Ao receber nesta terça-feira (15) representantes das centrais sindicais, com exceção da CUT, o senador Aécio Neves (PSDB-MG) se comprometeu a levar à bancada do seu partido um plano B para a aprovação do salário mínimo no valor de R$ 560 e não de R$ 600, como defendem os tucanos, atendendo ao pedido dos líderes sindicais. Aécio afirma que a sua intenção é procurar a reaproximação do PSDB com as centrais, das quais esteve, segundo ele, afastado nos últimos anos.

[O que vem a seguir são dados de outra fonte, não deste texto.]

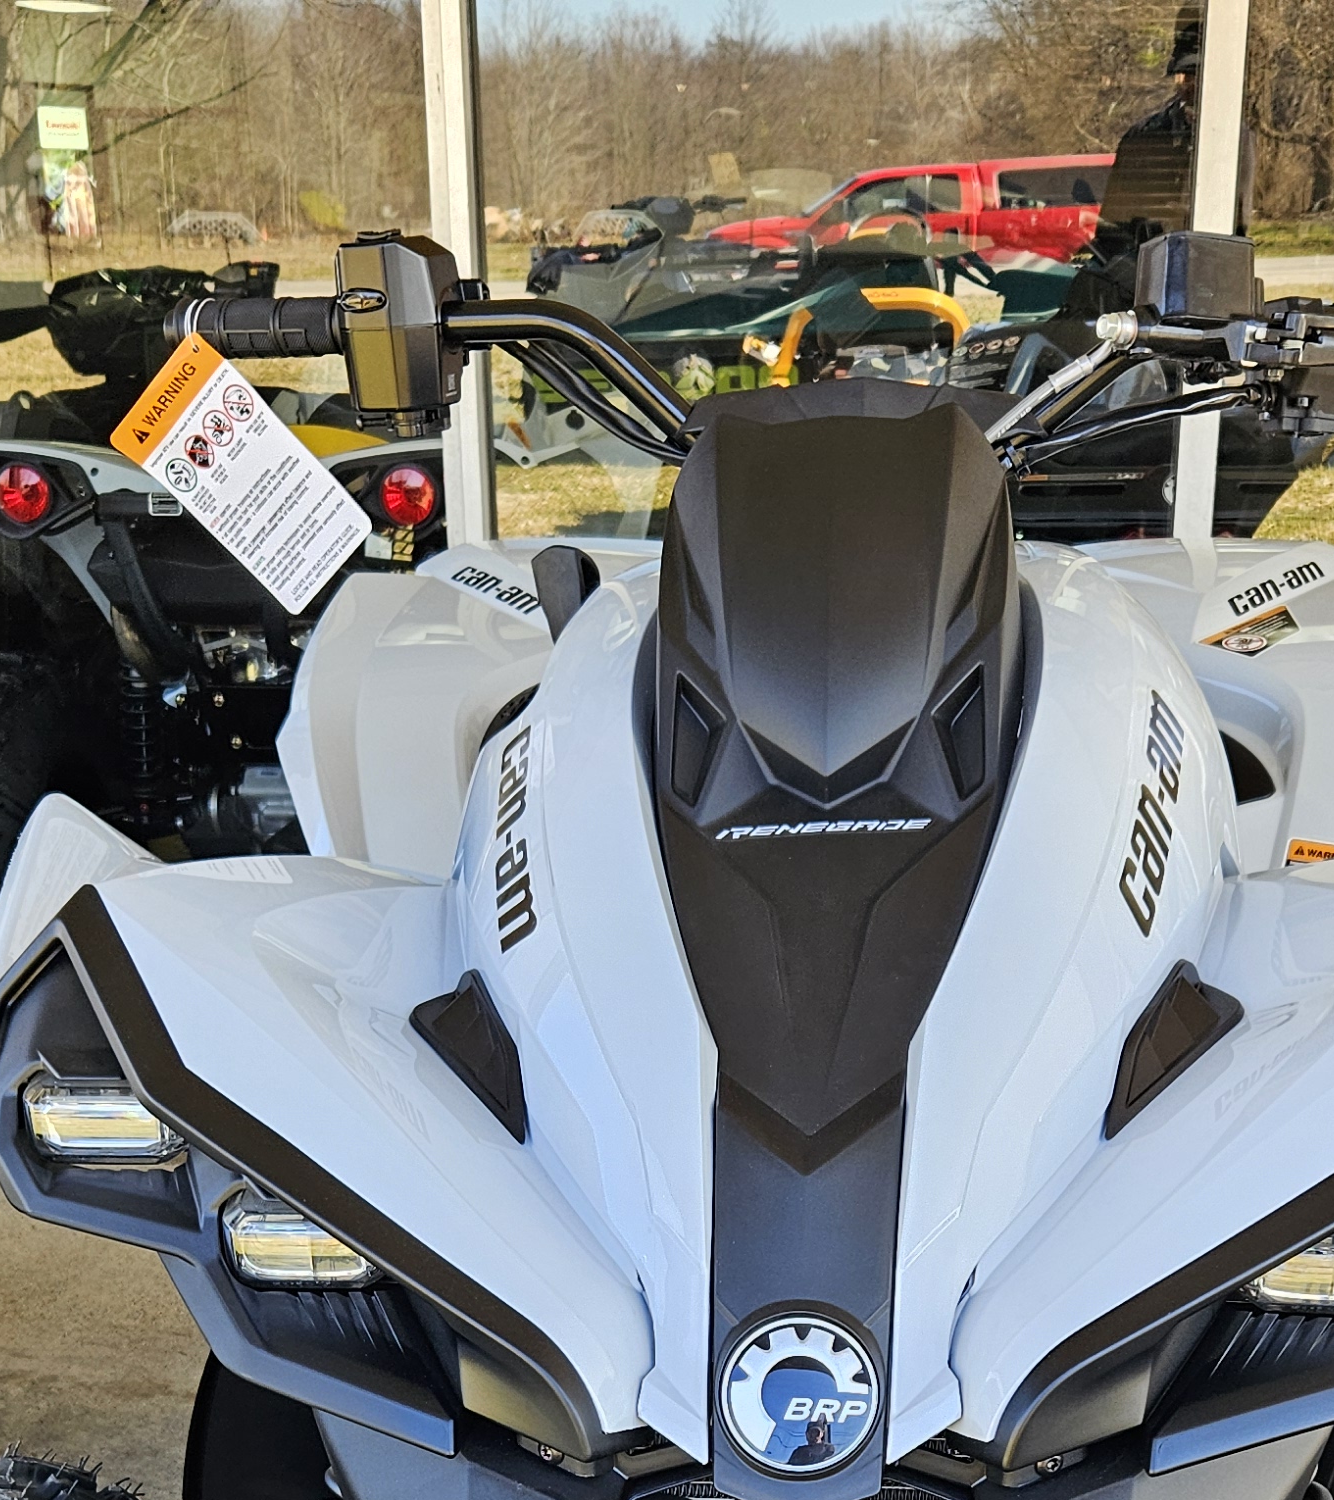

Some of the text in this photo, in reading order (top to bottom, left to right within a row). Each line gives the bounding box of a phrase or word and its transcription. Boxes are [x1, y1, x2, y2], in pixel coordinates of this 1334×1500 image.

[142, 362, 197, 427] WARNING
[451, 566, 541, 614] can-am
[1228, 561, 1325, 616] can-am
[496, 725, 540, 952] can-am
[714, 817, 932, 841] RENEGADE
[1119, 689, 1189, 938] can-am
[783, 1396, 868, 1424] BRP

"O que estou buscando é a aproximação do PSDB com as centrais sindicais e dos movimentos sociais, que me parecem mais realistas hoje", disse Aécio. "Acho natural que o partido seja solidário à proposta apresentada na campanha eleitoral (do salário mínimo de R$ 600), mas não devemos correr o risco de ficarmos isolados nesse processo. E, se for derrotada a proposta do mínimo em R$ 600, devemos ter um plano B, que seria a unificação das oposições em torno da proposta das centrais sindicais", explicou.

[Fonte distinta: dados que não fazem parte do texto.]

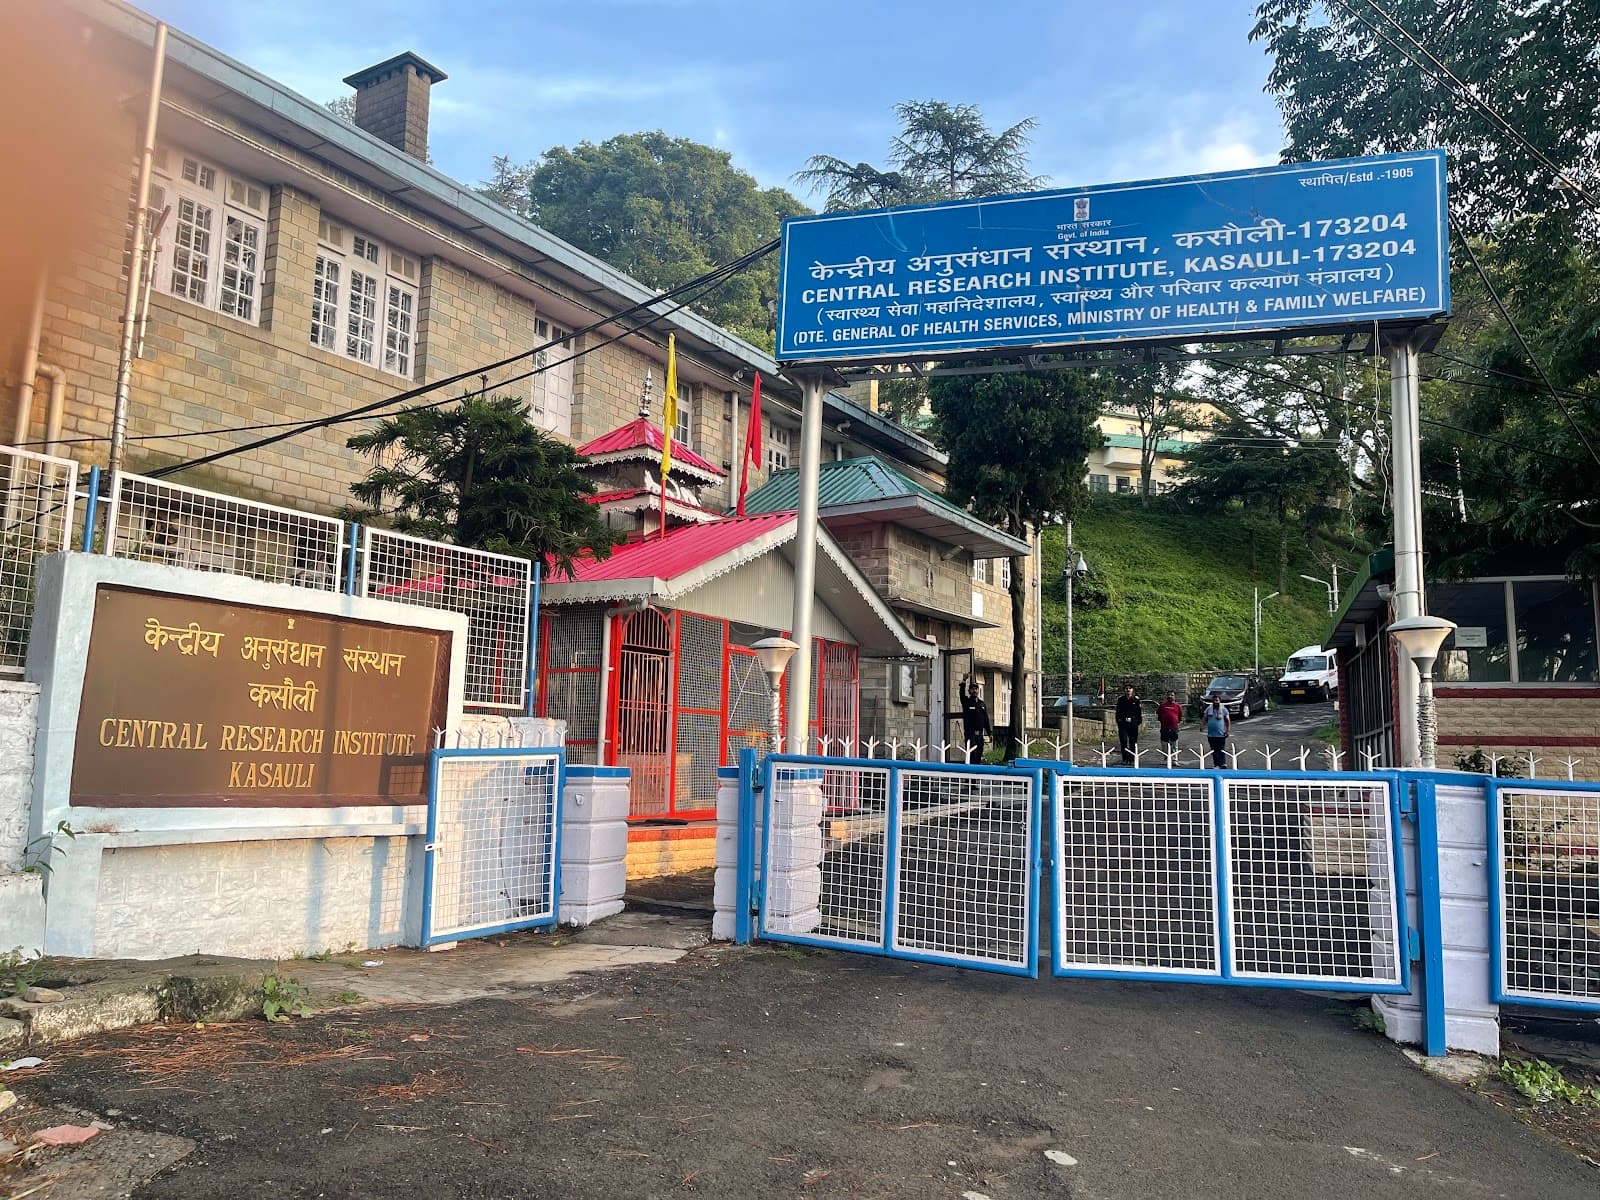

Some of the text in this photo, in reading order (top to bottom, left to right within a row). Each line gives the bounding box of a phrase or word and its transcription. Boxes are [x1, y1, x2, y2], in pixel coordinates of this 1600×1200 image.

[802, 239, 1416, 304] CENTRAL RESEARCH INSTITUTE, KASAULI-173204
[809, 256, 896, 281] केन्द्रीय
[907, 246, 1032, 277] अनुसंधान
[1172, 212, 1408, 249] कसौली-173204
[793, 286, 1426, 346] (DTE. GENERAL OF HEALTH SERVICES, MINISTRY OF HEALTH & FAMILY WELFARE)
[888, 302, 919, 317] सेवा
[1051, 287, 1113, 304] स्वास्थ्य
[1120, 283, 1153, 299] और
[1160, 279, 1222, 296] परिवार
[1229, 274, 1300, 291] कल्याण
[144, 618, 405, 677] केन्द्रीय अनुसंधान संस्थान
[247, 677, 319, 712] कसौली
[99, 718, 416, 756] CENTRAL RESEARCH INSTITUTE
[228, 761, 315, 789] KASAULI

Para o senador, a posição do governo de tentar assegurar o mínimo em R$ 545, alegando que outro valor poderia levar o País a uma crise econômica, não deve ser aceita porque, acredita, "há sim um espaço para negociação e quem sabe pode contar no último momento com a participação do governo".

O ex-governador de Minas Gerais lembrou que os sucessivos recordes de arrecadação tributária do governo e a situação econômica muito melhor do que a anterior, "não apenas pela atuação de um, mas da ação de vários governos", abrem espaço para a negociação. "Não acho correto que o governo faça disso uma queda de braço, um cavalo de batalha e a proposta apresentada pelas centrais me parece razoável", avaliou.

O senador lembrou ser este o primeiro teste do governo da presidenta Dilma Rousseff . Mas destacou que, em questões como esta, não prevalece apenas o apoio da base aliada, mas também "o sentimento das ruas" e o sentimento daqueles que elegeram os parlamentares.

Encabeçando o grupo de sindicalistas, o presidente da Força Sindical, deputado Paulo Pereira da Silva (PDT-SP), o Paulinho, afirmou que as duas bancadas do seu partido (da Câmara e Senado) e a bancada do DEM, com quem ele se reuniu pela manhã, vão apoiar a proposta do salário mínimo de R$ 560.

Ele lembrou que as centrais já recuaram da proposta inicial de R$ 580 para R$ 560 para abrir a possibilidade de um entendimento. Paulinho disse que não é o salário mínimo que causa a inflação. "Caso contrário, o governo Lula teria uma inflação galopante, quando ele deu um reajuste de 70% no salário mínimo".

Racha no PSDB

O líder do PSDB no Senado, Álvaro Dias (PR), informou hoje que na votação da proposta do salário mínimo para este ano a bancada vai manter o compromisso assumido na campanha eleitoral pelo valor de R$ 600. No caso de ser rejeitada essa emenda, o PSDB apoiará a proposta das centrais sindicais de um reajuste do mínimo para R$ 560.

"Seria estranho o PSDB adotar uma postura na campanha eleitoral e outra depois. É essencial honrar os compromissos assumidos até para que possamos ter autoridade de cobrar daqueles que governam o País", disse.